= Beginning of Section =

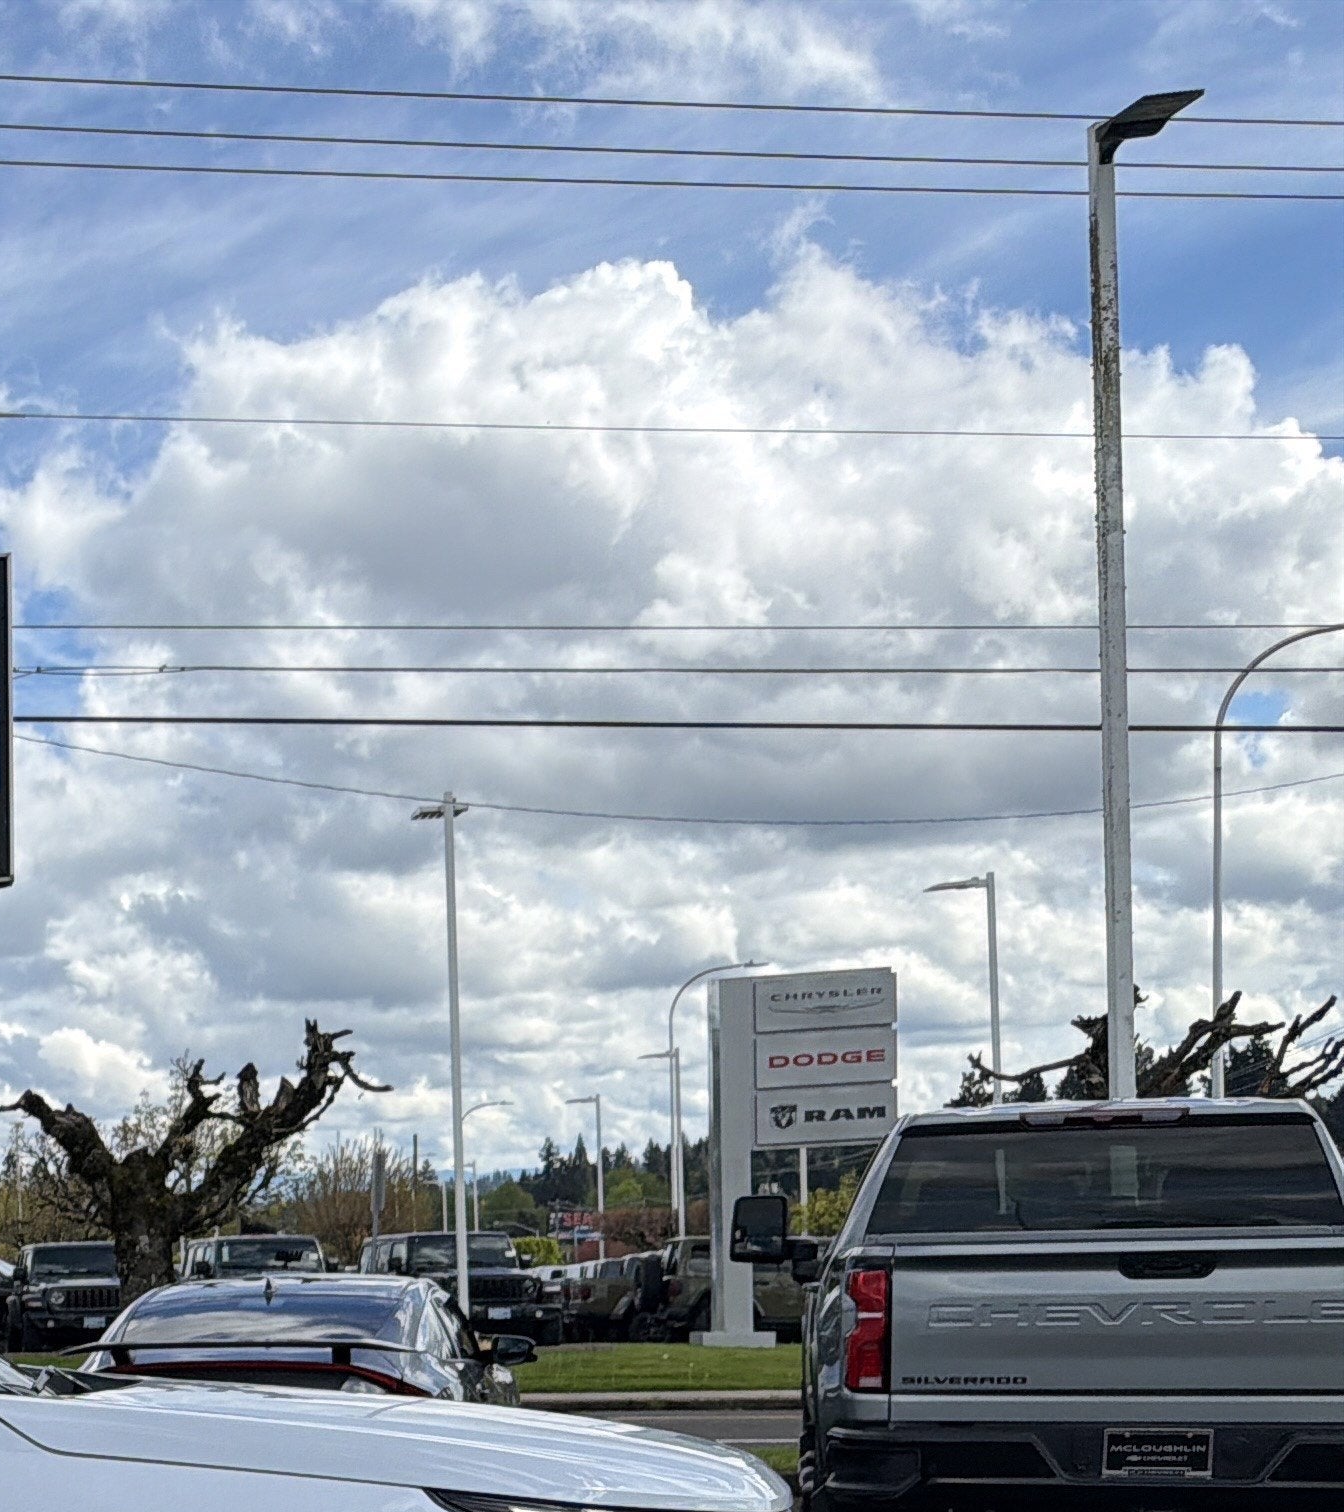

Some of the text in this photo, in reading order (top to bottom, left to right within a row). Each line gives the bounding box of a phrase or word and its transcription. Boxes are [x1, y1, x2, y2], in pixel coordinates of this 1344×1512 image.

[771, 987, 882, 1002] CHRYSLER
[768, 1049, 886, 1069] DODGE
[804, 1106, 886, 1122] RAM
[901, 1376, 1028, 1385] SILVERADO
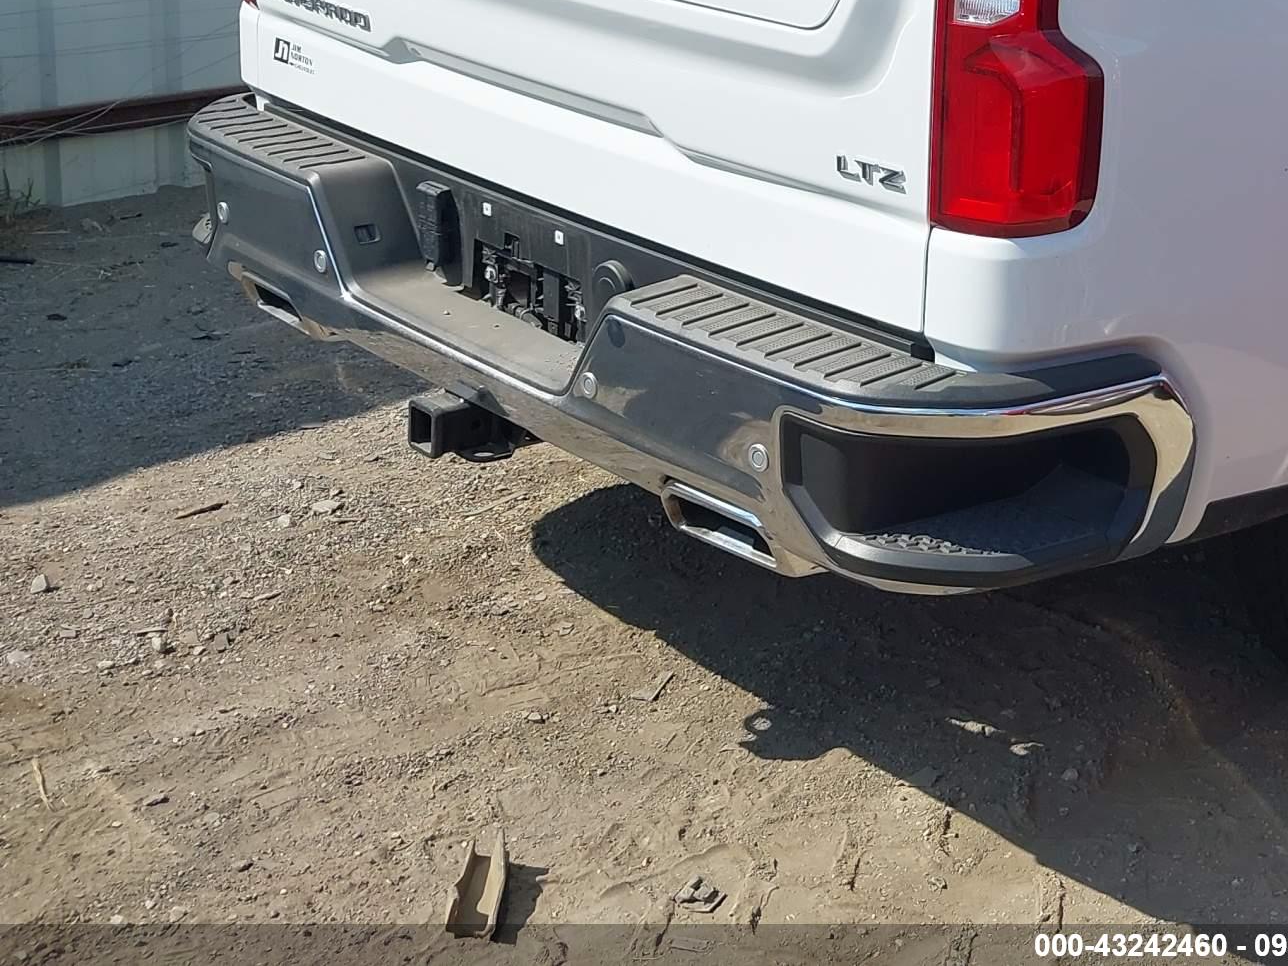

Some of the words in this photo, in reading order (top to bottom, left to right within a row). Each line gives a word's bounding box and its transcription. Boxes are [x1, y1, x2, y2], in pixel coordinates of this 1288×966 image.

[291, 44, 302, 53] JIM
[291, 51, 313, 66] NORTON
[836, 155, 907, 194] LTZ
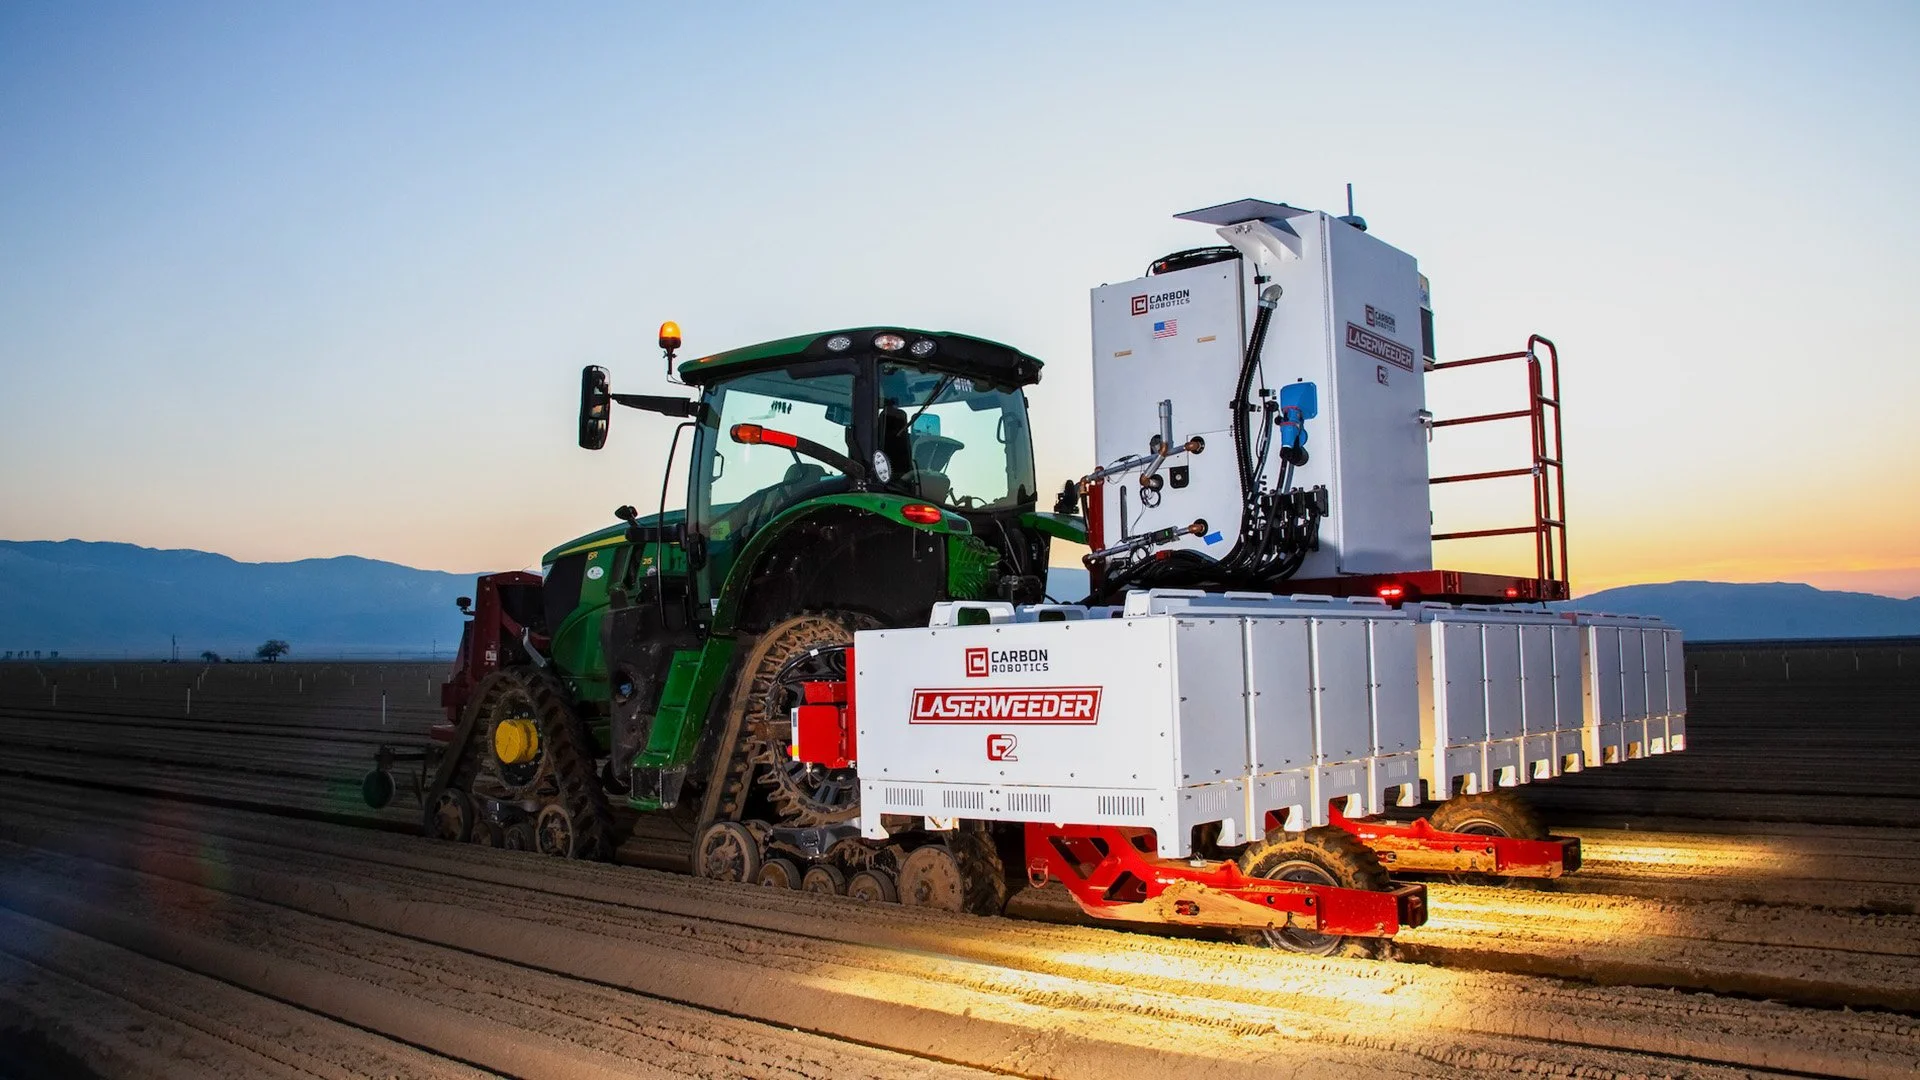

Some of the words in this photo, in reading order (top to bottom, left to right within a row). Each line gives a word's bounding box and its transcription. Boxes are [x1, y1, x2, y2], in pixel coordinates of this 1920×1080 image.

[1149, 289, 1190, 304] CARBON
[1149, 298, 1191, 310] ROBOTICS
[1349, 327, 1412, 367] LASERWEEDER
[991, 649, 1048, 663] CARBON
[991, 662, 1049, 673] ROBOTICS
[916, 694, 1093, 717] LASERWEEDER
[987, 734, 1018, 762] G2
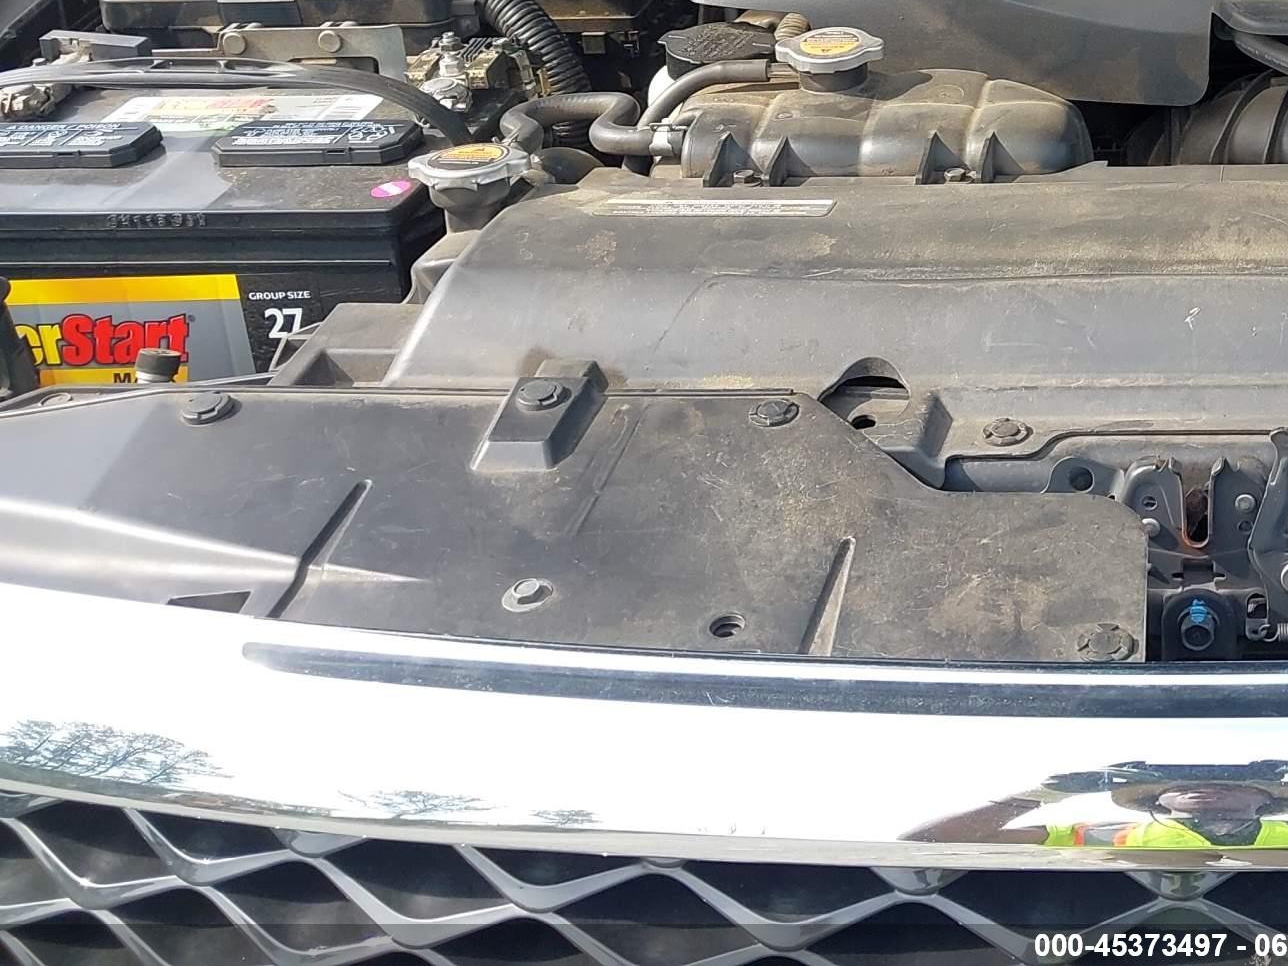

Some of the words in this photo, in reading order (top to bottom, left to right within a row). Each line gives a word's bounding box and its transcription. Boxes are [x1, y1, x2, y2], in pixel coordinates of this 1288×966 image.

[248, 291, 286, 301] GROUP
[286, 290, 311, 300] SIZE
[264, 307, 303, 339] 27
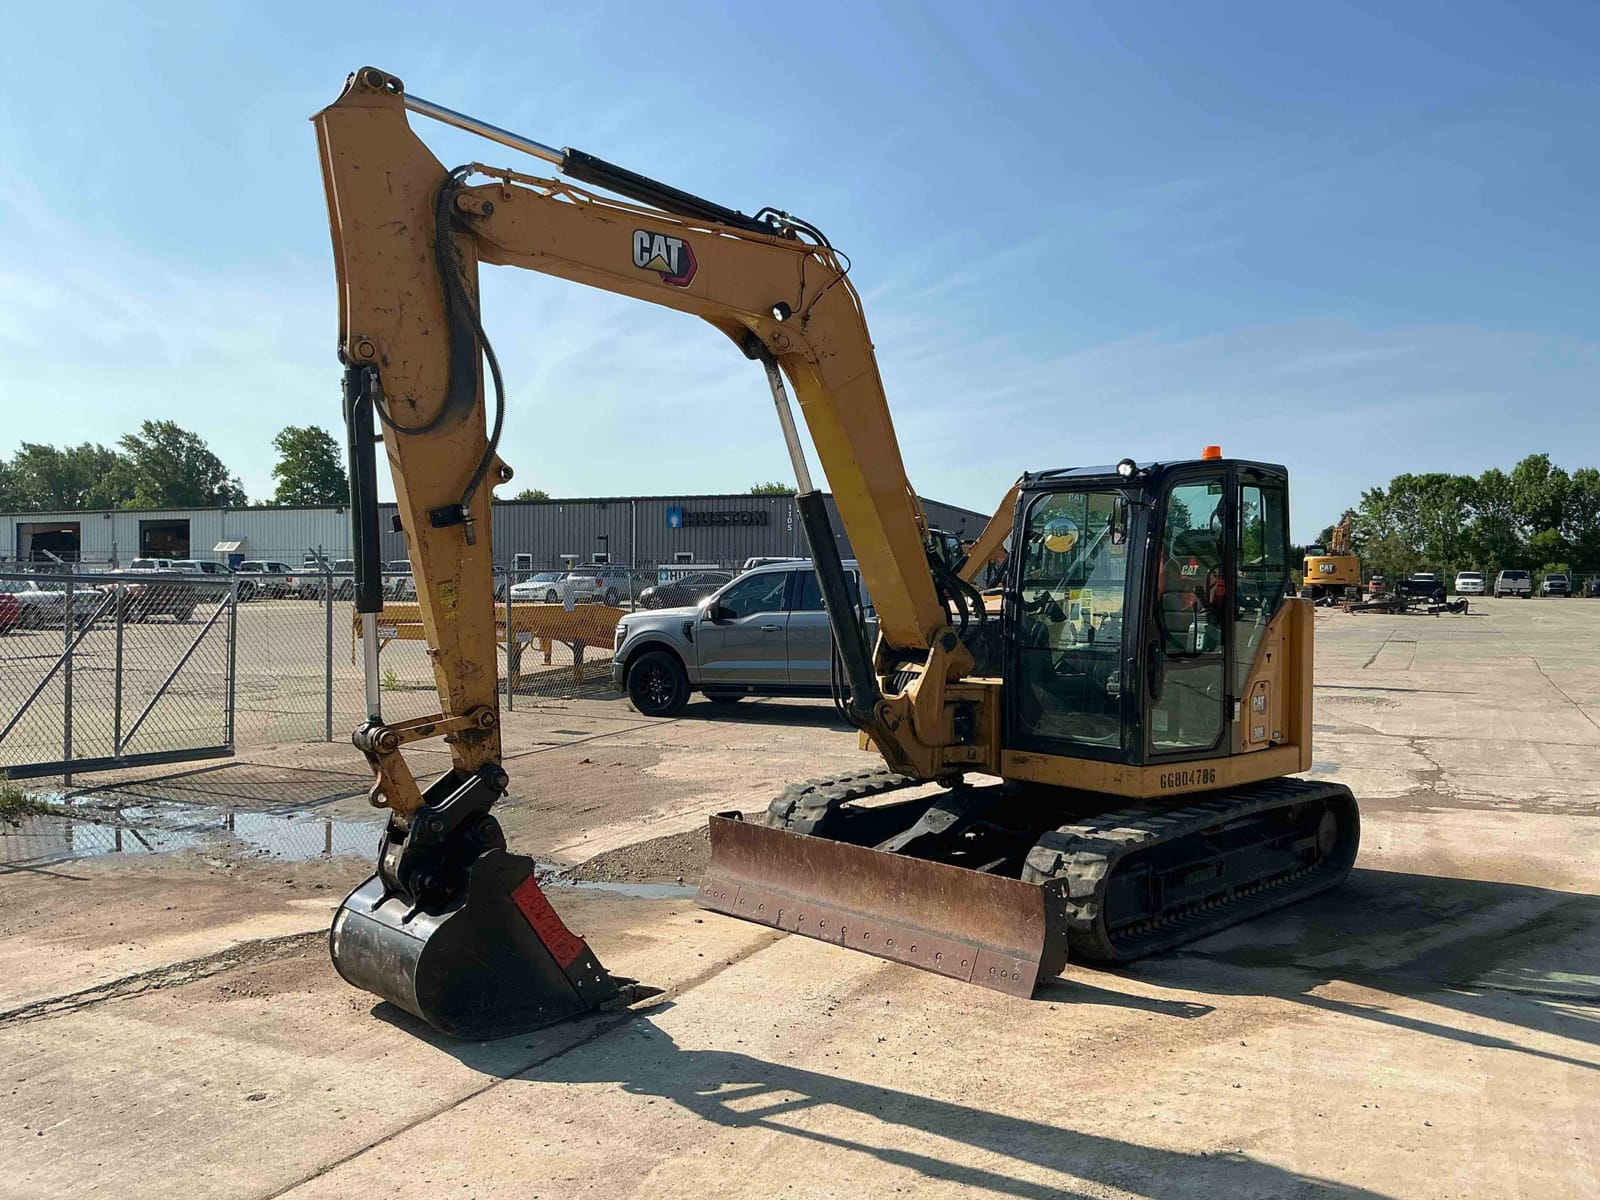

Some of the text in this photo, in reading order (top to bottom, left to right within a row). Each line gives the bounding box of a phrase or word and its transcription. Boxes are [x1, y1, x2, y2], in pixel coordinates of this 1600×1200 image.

= End of Section =

### YOUR GOAL
Leaving the pictures out, transcribe word for word the lines from the one with "this 1920×1080 image." to the end of the material above, inclusive, and nothing else.

### RESPONSE AREA
Some of the words in this photo, in reading order (top to bottom, left to right within a row). Each line gives a word's bounding box and its transcription. Boxes are [x1, y1, x2, y2], in pixel coordinates of this 1920×1080 image.

[1149, 289, 1190, 304] CARBON
[1149, 298, 1191, 310] ROBOTICS
[1349, 327, 1412, 367] LASERWEEDER
[991, 649, 1048, 663] CARBON
[991, 662, 1049, 673] ROBOTICS
[916, 694, 1093, 717] LASERWEEDER
[987, 734, 1018, 762] G2

Some of the words in this photo, in reading order (top to bottom, left to right within a row). Each line gives a word's bounding box and its transcription. Boxes are [x1, y1, x2, y2], in pixel coordinates of this 1288×966 image.

[248, 291, 286, 301] GROUP
[286, 290, 311, 300] SIZE
[264, 307, 303, 339] 27

Some of the text in this photo, in reading order (top to bottom, left to right within a row). Each line gives the bounding box of a phrase or word and its transcription. Boxes are [x1, y1, x2, y2], in pixel coordinates of this 1600×1200 image.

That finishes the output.